Os gastos com cartões de criptomoedas atingem US$ 18 bilhões anualizados à medida que o uso de stablecoins se desloca para pagamentos cotidianos
Pesquisas da Artemis mostram que os gastos com cartões de crédito e débito em criptomoedas agora rivalizam com as transferências peer-to-peer de stablecoins, com a Visa capturando a maior parte do volume on-chain por meio de parcerias iniciais de infraestrutura.

O que saber:
- Os gastos com cartões de criptomoedas aumentaram de cerca de US$ 100 milhões por mês no início de 2023 para mais de US$ 1,5 bilhão no final de 2025.

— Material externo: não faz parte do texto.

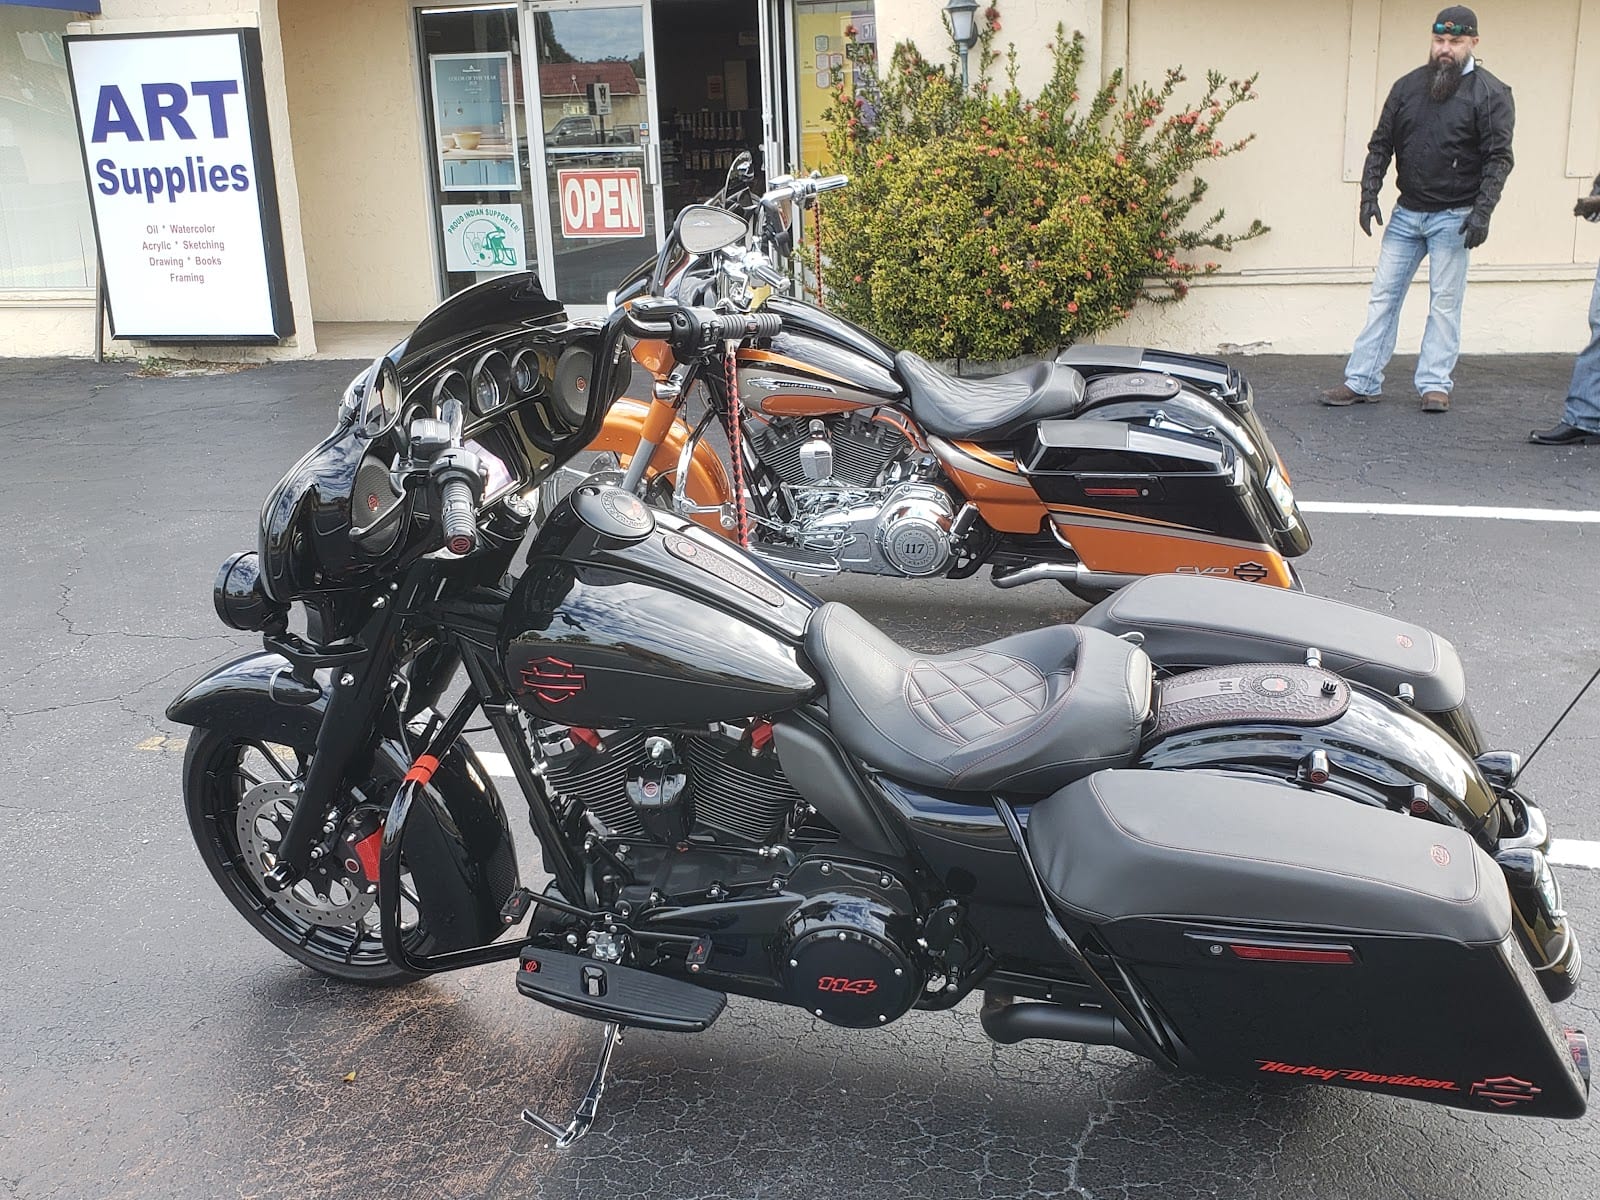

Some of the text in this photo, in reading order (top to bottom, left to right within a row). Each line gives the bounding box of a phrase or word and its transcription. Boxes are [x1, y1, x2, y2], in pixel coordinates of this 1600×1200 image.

[91, 79, 239, 143] ART
[95, 155, 250, 204] Supplies
[565, 178, 640, 229] OPEN
[447, 215, 465, 234] PROUD
[463, 208, 485, 219] INDIAN
[146, 223, 216, 235] Oil Watercolor
[142, 240, 225, 253] Acrylic Sketching
[149, 255, 222, 268] Drawing Books
[169, 272, 205, 284] Framing
[904, 543, 925, 554] 117
[1175, 566, 1230, 576] CVO
[818, 976, 878, 994] 114
[1255, 1059, 1461, 1092] Harley-Davidson

- Apesar do interesse em pagamentos diretos com stablecoins em comerciantes, os cartões continuam sendo a principal forma de gastar stablecoins, pois operam nas redes existentes da Visa e Mastercard e não exigem novas integrações com os comerciantes.
- USDT domina o volume de stablecoins globalmente, mas Índia e Argentina são exceções notáveis onde o uso de USDC se aproxima da paridade.
Cartões cripto, cartões de pagamento que permitem aos usuários gastar stablecoins e outras criptomoedas em comerciantes tradicionais, tornaram-se silenciosamente um dos segmentos de crescimento mais rápido em pagamentos digitais, com volume agora se aproximando da escala das transferências peer-to-peer de stablecoins, de acordo com nova pesquisa da Artemis.
O volume mensal de cartões cripto aumentou de aproximadamente US$ 100 milhões no início de 2023 para mais de US$ 1,5 bilhão no final de 2025, uma taxa de crescimento anual composta de 106%, segundo o relatório. O mercado agora ultrapassa US$ 18 bilhões em base anualizada, quase igualando as transferências ponto a ponto de stablecoins, que atingiram US$ 19 bilhões, crescendo apenas 5% no mesmo período.
Apesar do interesse crescente na aceitação direta de stablecoins por comerciantes, a Artemis afirmou que os cartões continuam sendo a ponte dominante para o gasto com stablecoins, pois não exigem novas integrações por parte dos comerciantes.
O uso de liquidação nativa em stablecoins está em ascensão, mas ainda é incipiente: os gastos com cartão vinculados a stablecoins da Visa alcançaram uma taxa anualizada de US$ 3,5 bilhões no quarto trimestre de 2025, segundo o relatório, representando cerca de 19% do volume total de cartões cripto.
“Em quase todos os mercados, o USDT domina o volume de stablecoins”, afirmaram os autores do relatório. “No entanto, dois países se destacam como verdadeiros casos atípicos globais: Índia (47,4% USDC) e Argentina (46,6% USDC), os únicos mercados onde o uso do USDC se aproxima da paridade com o USDT.” O relatório também destacou que a Índia se tornou o maior mercado de criptomoedas da região Ásia-Pacífico em entradas de capital, com um valor de 338 bilhões de dólares americanos nos 12 meses encerrados em junho de 2025, representando um crescimento de 4.800% em cinco anos.
A Artemis afirmou que o ecossistema de cartões cripto opera amplamente sobre as mesmas bases das redes tradicionais de pagamento Visa e Mastercard, emissores e gestores de programas. O relatório destacou que a Visa está capturando mais de 90% do volume de cartões on-chain por meio de parcerias iniciais com provedores de infraestrutura nativos do universo cripto.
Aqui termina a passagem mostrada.